- ¡Qué porquería! - dijo ofuscada y reflexiva a la vez.
Se acerca lo mira de cerca, se agacha para tomarlo entre sus brazos y con sumo cuidado y algo de desprecio lo alza.
- María, tené cuidado que es frágil - le advierte Marcos.
- ¿Para qué quiero yo otro corazón? Ya tengo uno y funciona a la perfección.-
María mira fijamente a Marcos desafiándolo. Estaba esperando una respuesta. Aún estaba enojada porque no había recibido ni el perfume, ni el anillo, ni el vestido, que ella pensaba, sería su regalo de cumpleaños.

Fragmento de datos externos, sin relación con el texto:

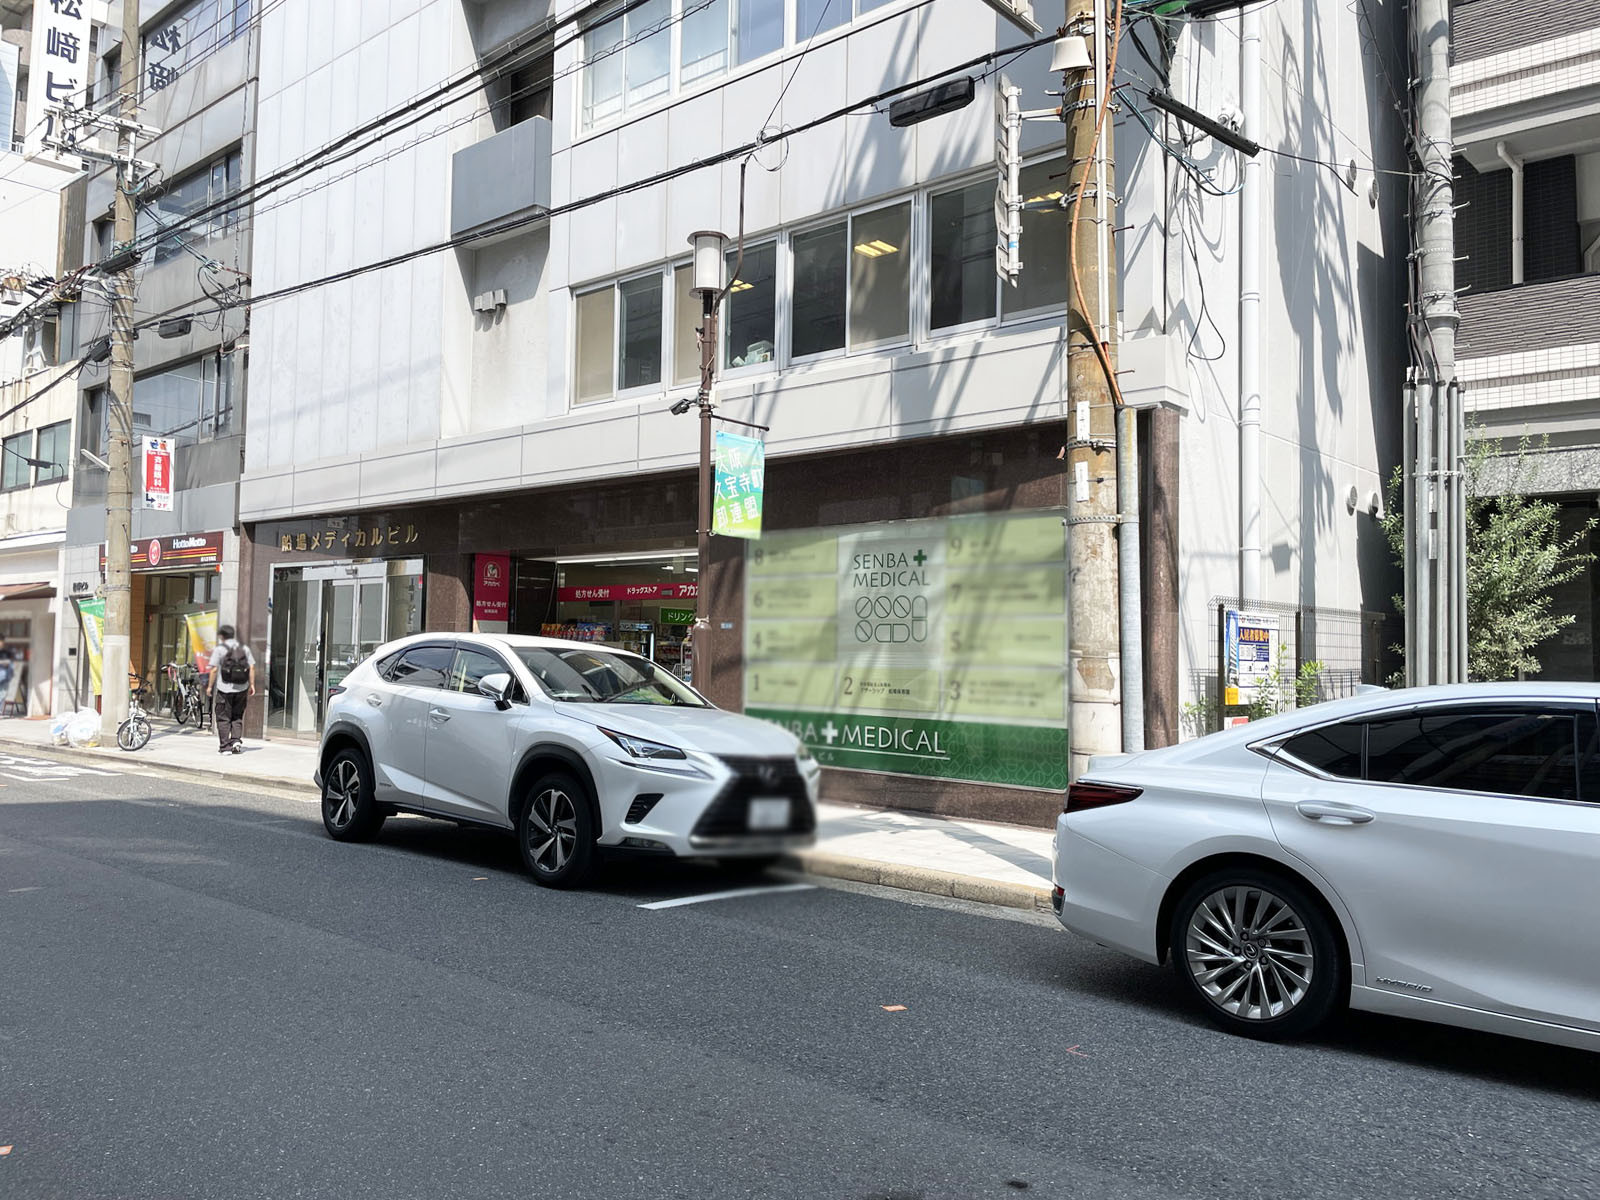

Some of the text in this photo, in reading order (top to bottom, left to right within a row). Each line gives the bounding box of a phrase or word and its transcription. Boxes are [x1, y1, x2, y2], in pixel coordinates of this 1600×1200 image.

- María, ese era un corazón de cristal. La verdad no me costó mucho. Hasta podría decirte que fue una ganga. Pero tenía un significado que te voy a explicar. Ese corazón era el mío. De cristal porque es frágil. Quería que te des cuenta que hace tiempo que me venís lastimando. Estas agresiva, me contestas mal, y me haces doler. Extraño la persona que eras antes. Que sonreía cuando me veía, me abrazaba con pasión y me besaba con amor. Por eso pensé en este regalo. Quería que lo cuides, y que lo trates con cariño para que no se rompa -.
María quedó sorprendida. No esperaba esa respuesta. Mira a Marcos por unas milésimas de segundos y baja la cabeza como no pudiendo soportar la vergüenza. Se acerca a él y le dice
- Pensándolo mejor. Es un lindo regalo. Y tiene un gran significado. Gracias -
Marcos está a punto de decir algo cuando se frena como arrepentido de lo que iba a decir.
- Sabés que María. Es feo lo que te voy a decir, pero no tengo otra forma. -
- Decilo igual -
- Ya es tarde. No te diste cuenta. Pero cuando despreciaste mi regalo sin tan solo escucharme o ver más allá de lo tu egoísmo, ese corazón de cristal que levantaste del piso se resquebrajó por todos lados. Y tu enojo, que por cierto te fue muy difícil ocultar, hizo que lo apretaras tan fuerte que ni siquiera te diste cuenta que se estaba haciendo polvo en tus manos. Ni lo miraste cuando finalmente decidiste quedártelo. De otra forma, no te hubieses quedado con ese polvo de cristal que desbordaba de tus manos y caía hacia la alfombra.
Marcos, toma saca sus llaves del bolsillo y deja un juego sobre la mesa del living. Abre apenas la puerta, gira sobre su eje y la mira.